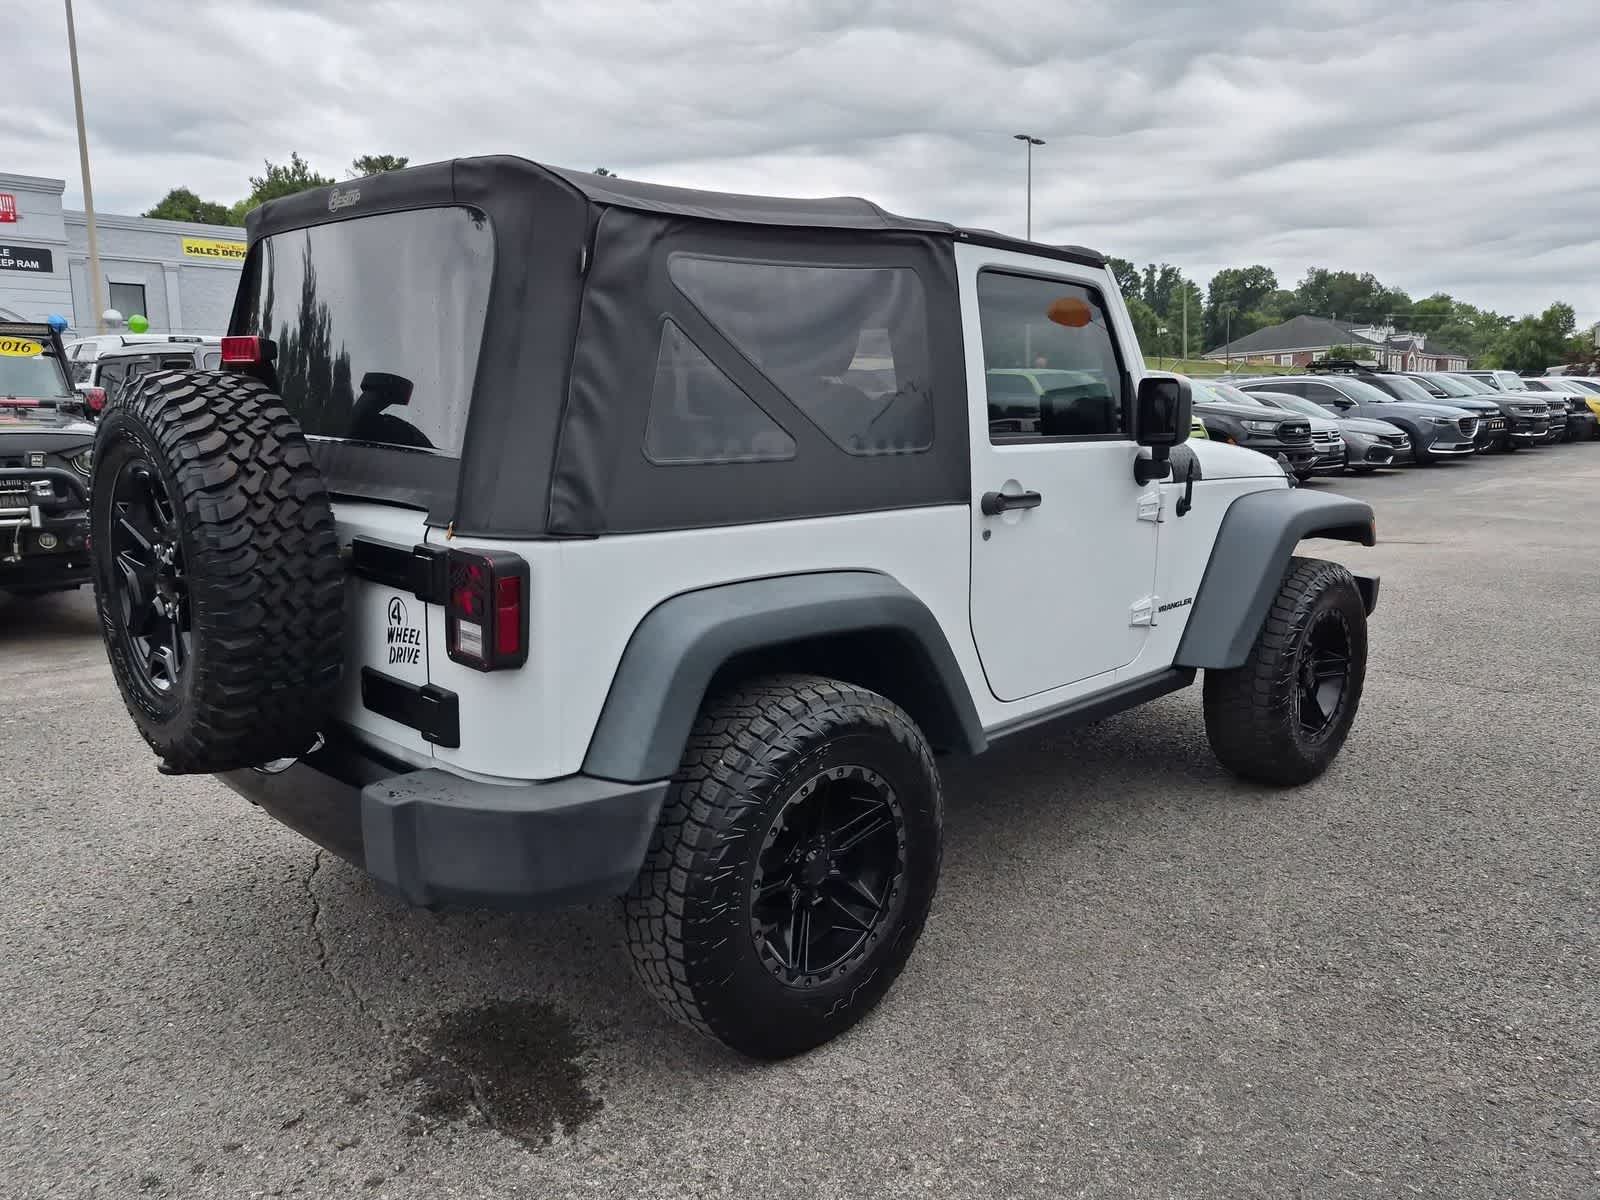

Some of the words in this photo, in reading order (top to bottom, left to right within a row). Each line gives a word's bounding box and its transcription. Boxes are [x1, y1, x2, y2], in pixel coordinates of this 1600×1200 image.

[186, 246, 220, 256] SALES
[16, 259, 39, 269] RAM
[0, 340, 31, 353] 016
[1158, 597, 1192, 613] WRANGLER
[387, 626, 421, 646] WHEEL
[389, 646, 421, 665] DRIVE

Goal of the exercise:
None of the pictures should be copied, but every record above must be returned exactly.

Answer to the exercise:
Some of the words in this photo, in reading order (top to bottom, left to right within a row). Each line gives a word's bounding box and its transcription. Boxes are [x1, y1, x2, y2], in pixel coordinates of this 1600×1200 image.

[186, 246, 220, 256] SALES
[16, 259, 39, 269] RAM
[0, 340, 31, 353] 016
[1158, 597, 1192, 613] WRANGLER
[387, 626, 421, 646] WHEEL
[389, 646, 421, 665] DRIVE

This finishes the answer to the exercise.